Борис заплатил деньги и с чеком в руках вернулся к молочному прилавку, где помимо молока торговали ещё сыром, маслом и колбасой. Ольга Александровна по-прежнему стояла на два человека впереди него. Он больше к ней не подходил, потому что говорить им, собственно, было не о чем, а долг вежливости он исполнил, поздоровался, — в конце концов, никаких таких особых неофициальных отношений у них не было. Тут он почувствовал, что не очень-то честен перед самим собой. Формально-то все так, но в глубине души он в этом сомневался. Она никогда не была любимой учительницей, встретить которую приятно и которая сама обычно расцветает улыбкой навстречу, и перед ней хочется похвастаться, что вот, на филологическом, в МГУ, вашими, так сказать, стопам и прочее. А тут ничего похожего. И все-таки сомнение было не случайно.
И объяснить он это мог только неискупленным чувством вины за то, что ни разу в школе не вступился за нее, а только растерянно смотрел на то, как глумятся над ней ребята из «компании» Герки Кольцова, общепризнанного классного хулигана и «вожака», словечко это Борис употреблял, как и все остальные в классе, после коллективного просмотра «Оптимистической трагедии», где главарь анархистов «во-жачок» столкнулся с женщиной-комиссаром.
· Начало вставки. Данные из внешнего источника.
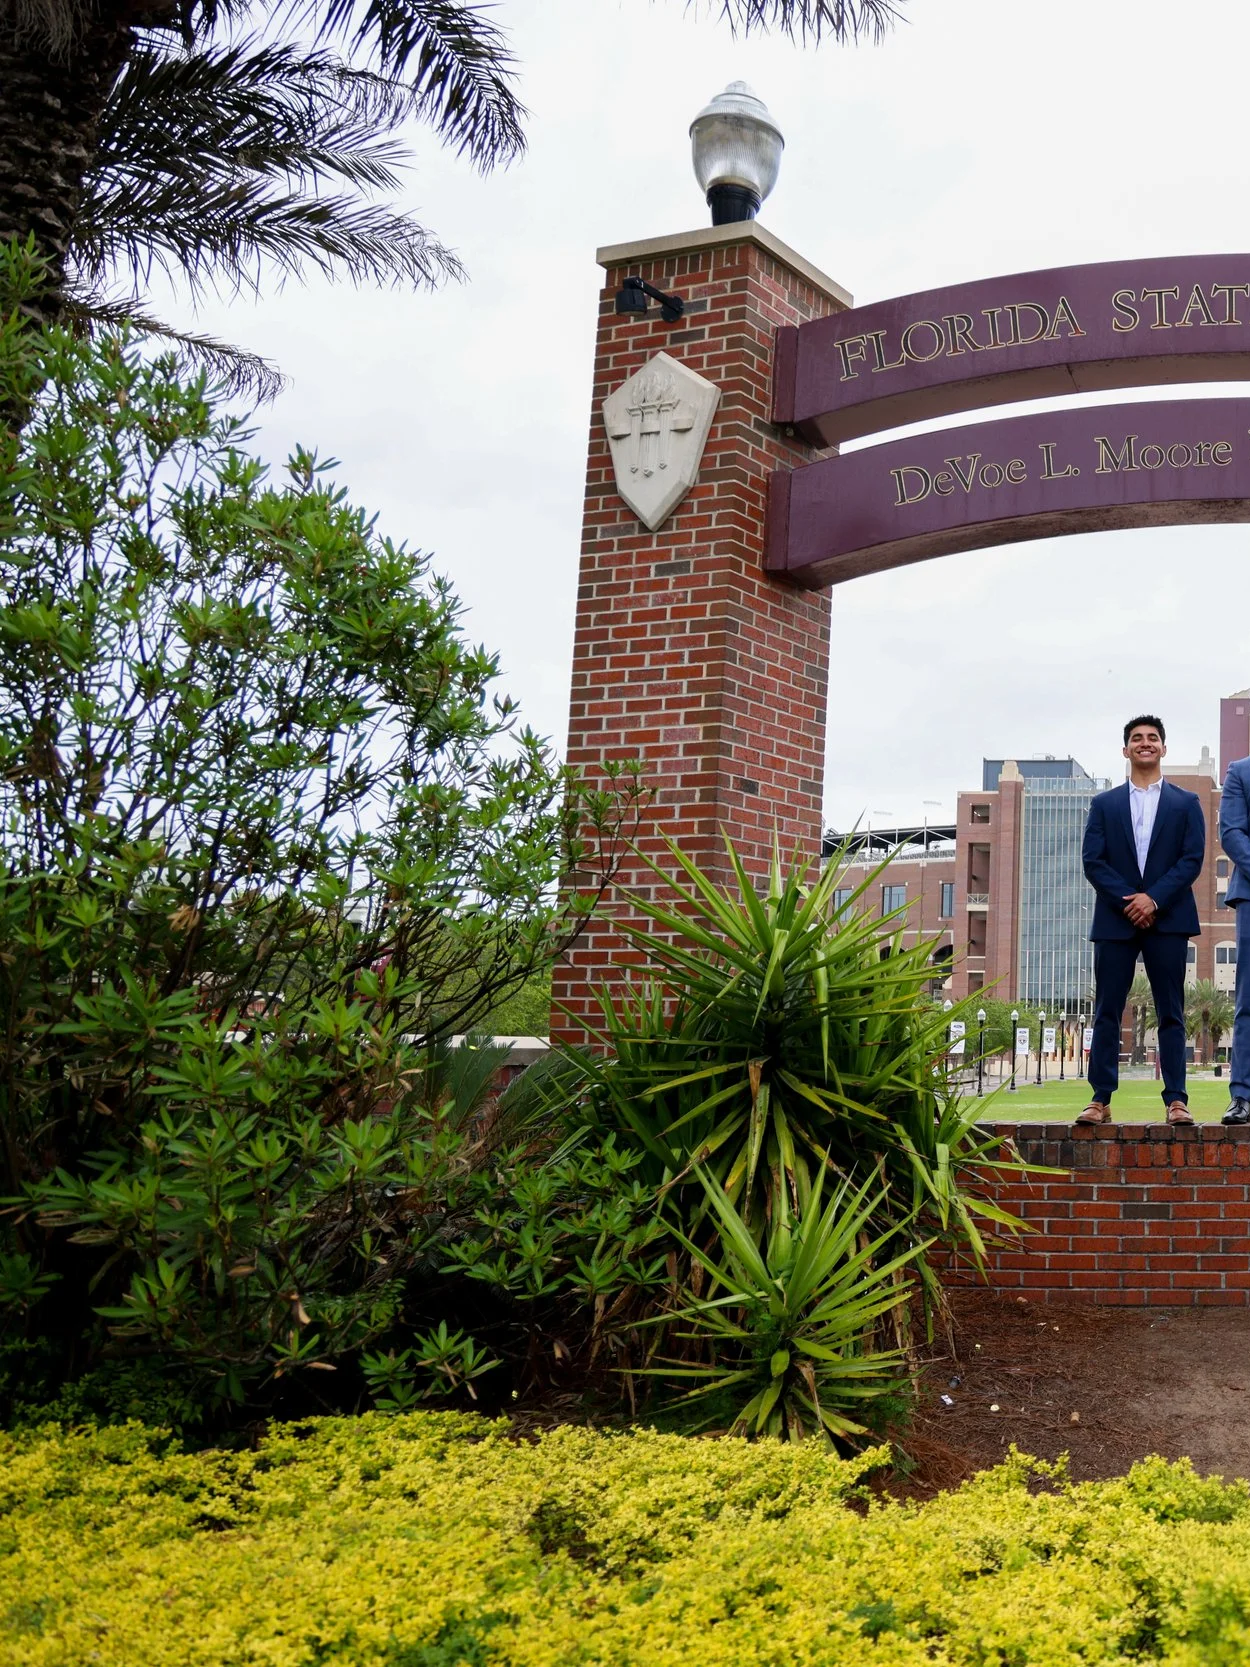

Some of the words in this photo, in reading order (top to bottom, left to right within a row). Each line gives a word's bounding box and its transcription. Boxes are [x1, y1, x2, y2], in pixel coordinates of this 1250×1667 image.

[834, 296, 1086, 381] FLORIDA
[890, 453, 1027, 506] DeVoe
[1039, 443, 1080, 480] L.
[1094, 434, 1233, 474] Moore
Но энергии и решительности комиссарши Борис в себе не находил, да и как-то нелепо тогда казалось вставать в позу борца по поводу школьных шуток. К тому же шутки эти шутил самый презираемый из компании Кольцова парень по фамилии Авдотин, самый хлипкий, самый низкорослый, с землистым личиком, полным угрей и прыщей. Он вроде бы был совсем как человек, но Борису порой казался как будто другого, не человечьего, а обезьяньего, что ли («бандар-логом», по Киплингу), племени, настолько ему ничего не было жалко и он мог над всем грубо подхихикнуть.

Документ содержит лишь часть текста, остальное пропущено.